*YOUR OBJECTIVE:*
What is needed is an exact copy of every entry.

----- DATASET RECORDS -----

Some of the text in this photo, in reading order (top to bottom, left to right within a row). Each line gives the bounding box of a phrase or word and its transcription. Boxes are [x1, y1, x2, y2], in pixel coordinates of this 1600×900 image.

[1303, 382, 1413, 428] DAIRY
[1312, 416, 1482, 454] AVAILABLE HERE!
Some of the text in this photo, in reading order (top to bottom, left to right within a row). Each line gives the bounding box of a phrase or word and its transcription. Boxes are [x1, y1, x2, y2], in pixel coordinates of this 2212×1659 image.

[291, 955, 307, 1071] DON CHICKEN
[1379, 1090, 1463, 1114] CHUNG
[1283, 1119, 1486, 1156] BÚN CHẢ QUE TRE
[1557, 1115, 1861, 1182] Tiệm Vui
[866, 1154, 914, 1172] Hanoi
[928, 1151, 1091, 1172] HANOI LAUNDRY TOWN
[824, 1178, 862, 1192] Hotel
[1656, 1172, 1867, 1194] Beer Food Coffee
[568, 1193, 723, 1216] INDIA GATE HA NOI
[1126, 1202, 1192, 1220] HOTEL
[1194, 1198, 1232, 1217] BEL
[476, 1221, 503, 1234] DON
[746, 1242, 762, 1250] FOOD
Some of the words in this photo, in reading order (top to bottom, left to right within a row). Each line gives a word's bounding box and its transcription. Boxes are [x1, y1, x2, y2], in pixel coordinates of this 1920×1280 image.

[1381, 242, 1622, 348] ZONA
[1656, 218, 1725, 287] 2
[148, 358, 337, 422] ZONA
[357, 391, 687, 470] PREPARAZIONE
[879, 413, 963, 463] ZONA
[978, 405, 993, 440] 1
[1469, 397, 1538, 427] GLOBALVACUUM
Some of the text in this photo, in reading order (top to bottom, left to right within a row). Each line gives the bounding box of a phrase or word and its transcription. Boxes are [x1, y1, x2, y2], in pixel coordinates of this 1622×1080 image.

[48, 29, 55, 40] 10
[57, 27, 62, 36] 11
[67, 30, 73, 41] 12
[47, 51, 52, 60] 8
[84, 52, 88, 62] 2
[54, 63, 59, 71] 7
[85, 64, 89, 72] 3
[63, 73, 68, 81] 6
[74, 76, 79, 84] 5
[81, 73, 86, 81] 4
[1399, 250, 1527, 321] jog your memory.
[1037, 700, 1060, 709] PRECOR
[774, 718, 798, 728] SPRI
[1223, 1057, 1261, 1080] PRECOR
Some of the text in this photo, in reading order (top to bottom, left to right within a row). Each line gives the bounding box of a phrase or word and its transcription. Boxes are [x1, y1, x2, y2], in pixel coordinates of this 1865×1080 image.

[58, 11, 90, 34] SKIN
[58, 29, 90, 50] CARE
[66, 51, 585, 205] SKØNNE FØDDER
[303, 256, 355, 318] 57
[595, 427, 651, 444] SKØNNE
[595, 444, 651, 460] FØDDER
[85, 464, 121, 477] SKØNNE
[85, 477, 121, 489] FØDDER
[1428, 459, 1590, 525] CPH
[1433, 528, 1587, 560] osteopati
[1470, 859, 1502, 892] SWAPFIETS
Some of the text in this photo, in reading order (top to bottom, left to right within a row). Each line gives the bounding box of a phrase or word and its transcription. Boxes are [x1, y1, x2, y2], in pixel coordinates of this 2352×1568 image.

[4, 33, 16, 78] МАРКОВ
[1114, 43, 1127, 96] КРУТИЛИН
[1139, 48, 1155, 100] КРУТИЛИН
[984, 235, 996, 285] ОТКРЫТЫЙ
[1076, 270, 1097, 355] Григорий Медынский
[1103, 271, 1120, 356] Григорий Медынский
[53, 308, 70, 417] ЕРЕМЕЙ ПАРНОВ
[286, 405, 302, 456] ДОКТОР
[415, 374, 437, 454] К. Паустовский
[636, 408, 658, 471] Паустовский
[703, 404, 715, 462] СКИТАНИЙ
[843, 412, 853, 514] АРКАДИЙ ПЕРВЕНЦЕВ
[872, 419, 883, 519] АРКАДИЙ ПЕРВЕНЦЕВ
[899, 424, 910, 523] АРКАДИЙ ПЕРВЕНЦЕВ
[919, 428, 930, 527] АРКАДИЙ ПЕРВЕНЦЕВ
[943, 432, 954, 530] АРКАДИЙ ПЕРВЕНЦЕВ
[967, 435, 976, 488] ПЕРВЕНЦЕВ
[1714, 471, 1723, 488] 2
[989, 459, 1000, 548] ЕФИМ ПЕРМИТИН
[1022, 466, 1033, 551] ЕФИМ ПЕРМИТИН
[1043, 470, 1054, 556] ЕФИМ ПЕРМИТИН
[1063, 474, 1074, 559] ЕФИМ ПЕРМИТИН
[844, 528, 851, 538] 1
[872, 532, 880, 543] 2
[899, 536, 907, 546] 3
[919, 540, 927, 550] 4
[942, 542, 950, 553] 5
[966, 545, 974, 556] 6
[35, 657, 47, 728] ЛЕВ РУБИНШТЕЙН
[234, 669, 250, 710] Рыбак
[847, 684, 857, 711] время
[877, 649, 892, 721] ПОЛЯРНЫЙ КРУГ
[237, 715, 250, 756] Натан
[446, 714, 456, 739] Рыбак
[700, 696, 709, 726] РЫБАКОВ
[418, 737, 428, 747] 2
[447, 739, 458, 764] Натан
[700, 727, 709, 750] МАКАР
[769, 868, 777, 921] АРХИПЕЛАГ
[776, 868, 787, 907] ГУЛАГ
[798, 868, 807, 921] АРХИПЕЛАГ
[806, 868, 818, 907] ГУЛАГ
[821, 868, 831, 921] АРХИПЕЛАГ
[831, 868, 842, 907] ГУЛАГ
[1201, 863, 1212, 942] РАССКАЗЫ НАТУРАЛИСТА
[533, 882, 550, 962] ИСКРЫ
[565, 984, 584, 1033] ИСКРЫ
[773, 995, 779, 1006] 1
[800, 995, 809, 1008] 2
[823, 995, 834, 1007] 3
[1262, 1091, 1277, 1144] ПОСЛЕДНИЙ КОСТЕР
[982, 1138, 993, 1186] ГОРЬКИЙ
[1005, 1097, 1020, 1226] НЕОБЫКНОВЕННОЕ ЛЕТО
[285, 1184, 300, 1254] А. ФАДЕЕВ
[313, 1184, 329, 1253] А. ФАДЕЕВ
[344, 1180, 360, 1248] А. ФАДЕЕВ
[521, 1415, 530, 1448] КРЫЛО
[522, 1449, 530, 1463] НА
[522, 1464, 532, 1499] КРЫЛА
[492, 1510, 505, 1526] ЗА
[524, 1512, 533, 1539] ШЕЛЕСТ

-----

*RESPONSE AREA:*
Some of the text in this photo, in reading order (top to bottom, left to right within a row). Each line gives the bounding box of a phrase or word and its transcription. Boxes are [x1, y1, x2, y2], in pixel coordinates of this 1600×900 image.

[1303, 382, 1413, 428] DAIRY
[1312, 416, 1482, 454] AVAILABLE HERE!
Some of the text in this photo, in reading order (top to bottom, left to right within a row). Each line gives the bounding box of a phrase or word and its transcription. Boxes are [x1, y1, x2, y2], in pixel coordinates of this 2212×1659 image.

[291, 955, 307, 1071] DON CHICKEN
[1379, 1090, 1463, 1114] CHUNG
[1283, 1119, 1486, 1156] BÚN CHẢ QUE TRE
[1557, 1115, 1861, 1182] Tiệm Vui
[866, 1154, 914, 1172] Hanoi
[928, 1151, 1091, 1172] HANOI LAUNDRY TOWN
[824, 1178, 862, 1192] Hotel
[1656, 1172, 1867, 1194] Beer Food Coffee
[568, 1193, 723, 1216] INDIA GATE HA NOI
[1126, 1202, 1192, 1220] HOTEL
[1194, 1198, 1232, 1217] BEL
[476, 1221, 503, 1234] DON
[746, 1242, 762, 1250] FOOD
Some of the words in this photo, in reading order (top to bottom, left to right within a row). Each line gives a word's bounding box and its transcription. Boxes are [x1, y1, x2, y2], in pixel coordinates of this 1920×1280 image.

[1381, 242, 1622, 348] ZONA
[1656, 218, 1725, 287] 2
[148, 358, 337, 422] ZONA
[357, 391, 687, 470] PREPARAZIONE
[879, 413, 963, 463] ZONA
[978, 405, 993, 440] 1
[1469, 397, 1538, 427] GLOBALVACUUM
Some of the text in this photo, in reading order (top to bottom, left to right within a row). Each line gives the bounding box of a phrase or word and its transcription. Boxes are [x1, y1, x2, y2], in pixel coordinates of this 1622×1080 image.

[48, 29, 55, 40] 10
[57, 27, 62, 36] 11
[67, 30, 73, 41] 12
[47, 51, 52, 60] 8
[84, 52, 88, 62] 2
[54, 63, 59, 71] 7
[85, 64, 89, 72] 3
[63, 73, 68, 81] 6
[74, 76, 79, 84] 5
[81, 73, 86, 81] 4
[1399, 250, 1527, 321] jog your memory.
[1037, 700, 1060, 709] PRECOR
[774, 718, 798, 728] SPRI
[1223, 1057, 1261, 1080] PRECOR
Some of the text in this photo, in reading order (top to bottom, left to right within a row). Each line gives the bounding box of a phrase or word and its transcription. Boxes are [x1, y1, x2, y2], in pixel coordinates of this 1865×1080 image.

[58, 11, 90, 34] SKIN
[58, 29, 90, 50] CARE
[66, 51, 585, 205] SKØNNE FØDDER
[303, 256, 355, 318] 57
[595, 427, 651, 444] SKØNNE
[595, 444, 651, 460] FØDDER
[85, 464, 121, 477] SKØNNE
[85, 477, 121, 489] FØDDER
[1428, 459, 1590, 525] CPH
[1433, 528, 1587, 560] osteopati
[1470, 859, 1502, 892] SWAPFIETS
Some of the text in this photo, in reading order (top to bottom, left to right within a row). Each line gives the bounding box of a phrase or word and its transcription. Boxes are [x1, y1, x2, y2], in pixel coordinates of this 2352×1568 image.

[4, 33, 16, 78] МАРКОВ
[1114, 43, 1127, 96] КРУТИЛИН
[1139, 48, 1155, 100] КРУТИЛИН
[984, 235, 996, 285] ОТКРЫТЫЙ
[1076, 270, 1097, 355] Григорий Медынский
[1103, 271, 1120, 356] Григорий Медынский
[53, 308, 70, 417] ЕРЕМЕЙ ПАРНОВ
[286, 405, 302, 456] ДОКТОР
[415, 374, 437, 454] К. Паустовский
[636, 408, 658, 471] Паустовский
[703, 404, 715, 462] СКИТАНИЙ
[843, 412, 853, 514] АРКАДИЙ ПЕРВЕНЦЕВ
[872, 419, 883, 519] АРКАДИЙ ПЕРВЕНЦЕВ
[899, 424, 910, 523] АРКАДИЙ ПЕРВЕНЦЕВ
[919, 428, 930, 527] АРКАДИЙ ПЕРВЕНЦЕВ
[943, 432, 954, 530] АРКАДИЙ ПЕРВЕНЦЕВ
[967, 435, 976, 488] ПЕРВЕНЦЕВ
[1714, 471, 1723, 488] 2
[989, 459, 1000, 548] ЕФИМ ПЕРМИТИН
[1022, 466, 1033, 551] ЕФИМ ПЕРМИТИН
[1043, 470, 1054, 556] ЕФИМ ПЕРМИТИН
[1063, 474, 1074, 559] ЕФИМ ПЕРМИТИН
[844, 528, 851, 538] 1
[872, 532, 880, 543] 2
[899, 536, 907, 546] 3
[919, 540, 927, 550] 4
[942, 542, 950, 553] 5
[966, 545, 974, 556] 6
[35, 657, 47, 728] ЛЕВ РУБИНШТЕЙН
[234, 669, 250, 710] Рыбак
[847, 684, 857, 711] время
[877, 649, 892, 721] ПОЛЯРНЫЙ КРУГ
[237, 715, 250, 756] Натан
[446, 714, 456, 739] Рыбак
[700, 696, 709, 726] РЫБАКОВ
[418, 737, 428, 747] 2
[447, 739, 458, 764] Натан
[700, 727, 709, 750] МАКАР
[769, 868, 777, 921] АРХИПЕЛАГ
[776, 868, 787, 907] ГУЛАГ
[798, 868, 807, 921] АРХИПЕЛАГ
[806, 868, 818, 907] ГУЛАГ
[821, 868, 831, 921] АРХИПЕЛАГ
[831, 868, 842, 907] ГУЛАГ
[1201, 863, 1212, 942] РАССКАЗЫ НАТУРАЛИСТА
[533, 882, 550, 962] ИСКРЫ
[565, 984, 584, 1033] ИСКРЫ
[773, 995, 779, 1006] 1
[800, 995, 809, 1008] 2
[823, 995, 834, 1007] 3
[1262, 1091, 1277, 1144] ПОСЛЕДНИЙ КОСТЕР
[982, 1138, 993, 1186] ГОРЬКИЙ
[1005, 1097, 1020, 1226] НЕОБЫКНОВЕННОЕ ЛЕТО
[285, 1184, 300, 1254] А. ФАДЕЕВ
[313, 1184, 329, 1253] А. ФАДЕЕВ
[344, 1180, 360, 1248] А. ФАДЕЕВ
[521, 1415, 530, 1448] КРЫЛО
[522, 1449, 530, 1463] НА
[522, 1464, 532, 1499] КРЫЛА
[492, 1510, 505, 1526] ЗА
[524, 1512, 533, 1539] ШЕЛЕСТ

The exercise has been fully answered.